You’ve learned a method for offloading Core Data updates to a temporary worker context, and you’ve also seen how unwinding segues are created and used. These are two skills that are tangential to the main goal of this chapter—retrieving metadata for scanned barcodes—but they’re nevertheless quite useful to know.

In the section on unit testing, we explored a technique for stubbing server responses for NSURLConnection and NSURLSession. For both of them, you can install a custom NSURLProtocol to dish out responses. Then you saw how to synchronize test execution and asynchronous completion handlers by using a dispatch semaphore.

These are the key takeaways for this chapter:

· NSURLSession-based networking and barcode scanning were both introduced in iOS 7.

· You can create a URL session with the most suitable of three default configurations: default, ephemeral, or background.

· Use NSURLSessionDownloadTask for downloading files and NSURLSession-UploadTask for uploading.

· Avoid performing update operations on a main-queue-based managed object context. This can lead to UI stuttering.

· NSURLSessionDataTask, in combination with the ephemeral configuration, is ideal for web API calls because you typically don’t need any result caching there.
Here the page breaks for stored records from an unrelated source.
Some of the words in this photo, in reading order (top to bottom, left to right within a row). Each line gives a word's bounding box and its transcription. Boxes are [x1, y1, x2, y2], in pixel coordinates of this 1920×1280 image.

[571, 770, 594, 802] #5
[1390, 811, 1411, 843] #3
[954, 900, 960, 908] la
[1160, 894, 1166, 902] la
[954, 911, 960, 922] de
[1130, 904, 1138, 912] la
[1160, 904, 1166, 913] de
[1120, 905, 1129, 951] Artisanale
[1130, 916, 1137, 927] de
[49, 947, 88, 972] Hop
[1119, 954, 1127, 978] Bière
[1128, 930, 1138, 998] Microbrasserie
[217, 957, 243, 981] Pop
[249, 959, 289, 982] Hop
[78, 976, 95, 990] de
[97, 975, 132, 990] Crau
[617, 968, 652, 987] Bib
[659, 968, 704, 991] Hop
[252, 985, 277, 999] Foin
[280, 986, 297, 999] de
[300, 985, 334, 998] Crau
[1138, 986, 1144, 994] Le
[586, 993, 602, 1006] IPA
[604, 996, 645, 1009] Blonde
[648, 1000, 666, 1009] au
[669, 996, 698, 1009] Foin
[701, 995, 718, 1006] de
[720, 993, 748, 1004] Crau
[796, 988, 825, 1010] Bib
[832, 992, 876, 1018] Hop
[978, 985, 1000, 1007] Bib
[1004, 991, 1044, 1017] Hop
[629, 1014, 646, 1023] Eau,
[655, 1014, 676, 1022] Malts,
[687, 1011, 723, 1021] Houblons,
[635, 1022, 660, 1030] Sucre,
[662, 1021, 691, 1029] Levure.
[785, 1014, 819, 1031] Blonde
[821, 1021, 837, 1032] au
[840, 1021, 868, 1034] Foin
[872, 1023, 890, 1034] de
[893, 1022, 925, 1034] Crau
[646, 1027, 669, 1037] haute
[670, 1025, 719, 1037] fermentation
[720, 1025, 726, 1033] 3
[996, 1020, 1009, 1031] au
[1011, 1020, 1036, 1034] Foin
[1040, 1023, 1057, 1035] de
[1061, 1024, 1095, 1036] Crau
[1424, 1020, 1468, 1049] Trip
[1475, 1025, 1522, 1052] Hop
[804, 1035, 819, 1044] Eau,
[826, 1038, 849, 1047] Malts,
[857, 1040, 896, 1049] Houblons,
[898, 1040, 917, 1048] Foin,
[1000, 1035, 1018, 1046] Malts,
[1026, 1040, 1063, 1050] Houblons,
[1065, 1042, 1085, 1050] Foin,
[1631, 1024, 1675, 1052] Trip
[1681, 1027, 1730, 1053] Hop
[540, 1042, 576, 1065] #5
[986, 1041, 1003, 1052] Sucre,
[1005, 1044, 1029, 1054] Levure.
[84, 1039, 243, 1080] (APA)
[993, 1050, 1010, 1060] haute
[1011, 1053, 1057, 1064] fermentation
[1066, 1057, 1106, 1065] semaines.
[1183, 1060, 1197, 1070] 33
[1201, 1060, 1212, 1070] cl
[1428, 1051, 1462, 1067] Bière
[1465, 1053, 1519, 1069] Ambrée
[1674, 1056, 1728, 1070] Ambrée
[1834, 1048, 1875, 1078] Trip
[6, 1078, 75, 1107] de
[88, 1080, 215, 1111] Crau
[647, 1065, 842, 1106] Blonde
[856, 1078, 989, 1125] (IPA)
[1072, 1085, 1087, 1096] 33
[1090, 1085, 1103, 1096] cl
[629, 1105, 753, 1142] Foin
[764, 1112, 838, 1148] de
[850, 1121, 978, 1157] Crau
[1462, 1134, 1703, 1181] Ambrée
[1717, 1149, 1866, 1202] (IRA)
· You should abstract the network operations for interacting with a RESTful service into a wrapper class.

· You should check for all possible kinds of errors when dealing with the result of a web API call.

· You should unit test any networking wrapper code you write. Whether you prefer to code first and then formulate tests or follow TDD is up to you. But you can never have too many unit tests.

· Simulating network responses eliminates the internet as a variable and also lets you test how your code can deal with a greater variety of responses.

This chapter elaborated on using the always-on internet of modern smartphones to retrieve metadata based on scanned barcodes. In the next and final chapter of this book, you’ll see how you can use the user’s current geographic and semantic context to further enhance your barcode-scanning apps.